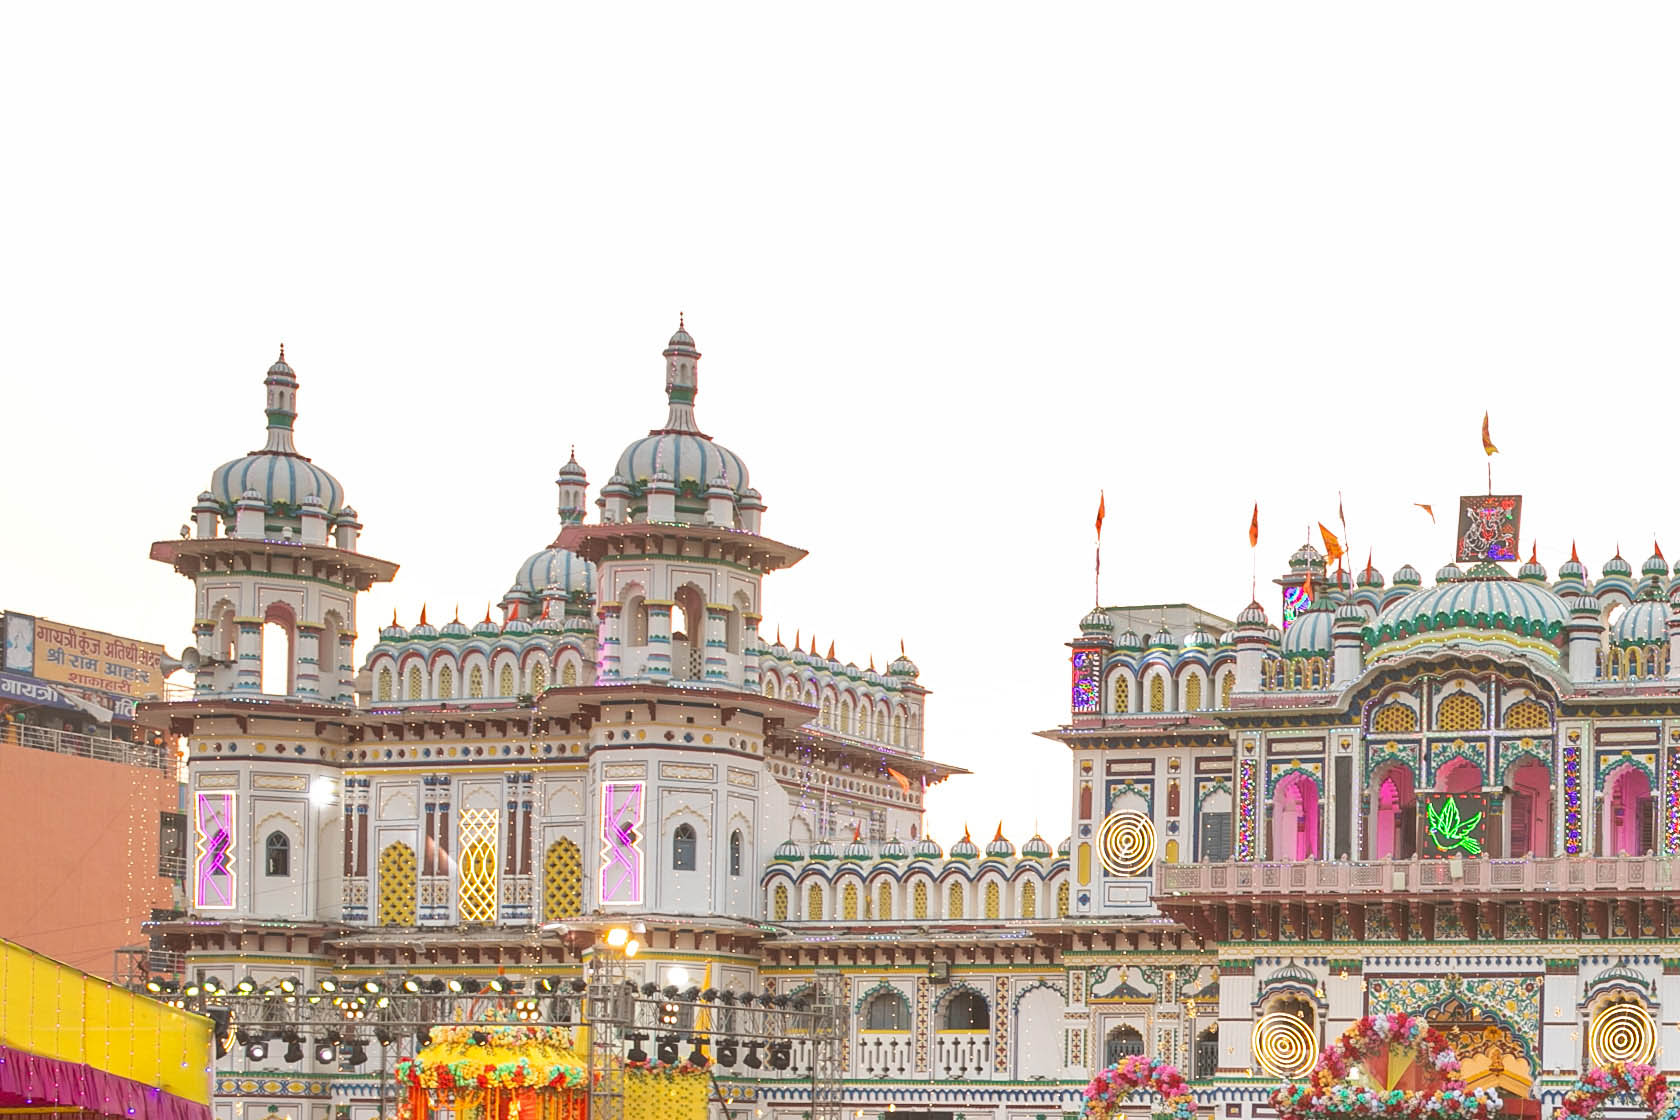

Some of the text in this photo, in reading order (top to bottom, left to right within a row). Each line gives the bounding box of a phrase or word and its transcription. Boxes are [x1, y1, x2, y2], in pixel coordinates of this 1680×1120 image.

[37, 626, 77, 649] गायत्री
[47, 647, 64, 665] श्री
[66, 654, 98, 672] राम
[68, 672, 132, 694] शाकाहारी

————

How to complete this task - Each line of the material needs to be given again exactly, without any of its pictures.

Completed task -
Some of the text in this photo, in reading order (top to bottom, left to right within a row). Each line gives the bounding box of a phrase or word and its transcription. Boxes are [x1, y1, x2, y2], in pixel coordinates of this 1680×1120 image.

[37, 626, 77, 649] गायत्री
[47, 647, 64, 665] श्री
[66, 654, 98, 672] राम
[68, 672, 132, 694] शाकाहारी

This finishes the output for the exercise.